■ YOUR ASSIGNMENT ■
A faithful copy is required: transcribe each line below exactly, minus the pictures.

Spatial localization data
------------------------------

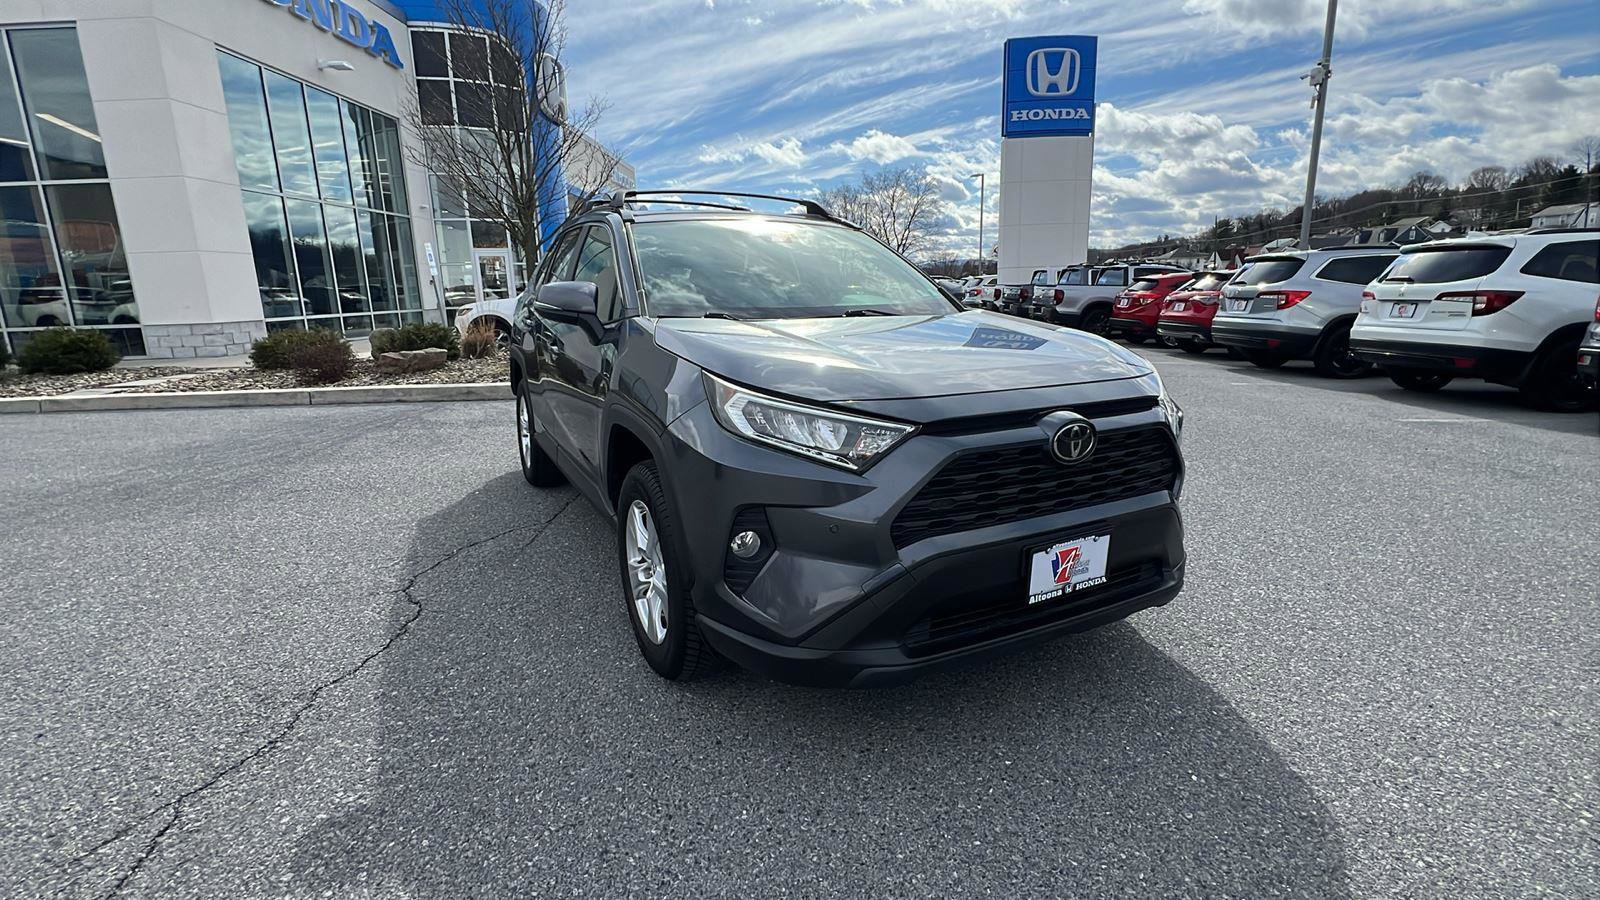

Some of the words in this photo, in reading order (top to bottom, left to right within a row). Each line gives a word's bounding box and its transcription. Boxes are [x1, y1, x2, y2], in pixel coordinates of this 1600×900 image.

[262, 0, 404, 69] NDA
[1010, 108, 1091, 121] HONDA
[1028, 589, 1062, 604] Altoona
[1076, 577, 1107, 591] HONDA

------------------------------

■ RESULT FOR THIS EXERCISE ■
Some of the words in this photo, in reading order (top to bottom, left to right within a row). Each line gives a word's bounding box and its transcription. Boxes are [x1, y1, x2, y2], in pixel coordinates of this 1600×900 image.

[262, 0, 404, 69] NDA
[1010, 108, 1091, 121] HONDA
[1028, 589, 1062, 604] Altoona
[1076, 577, 1107, 591] HONDA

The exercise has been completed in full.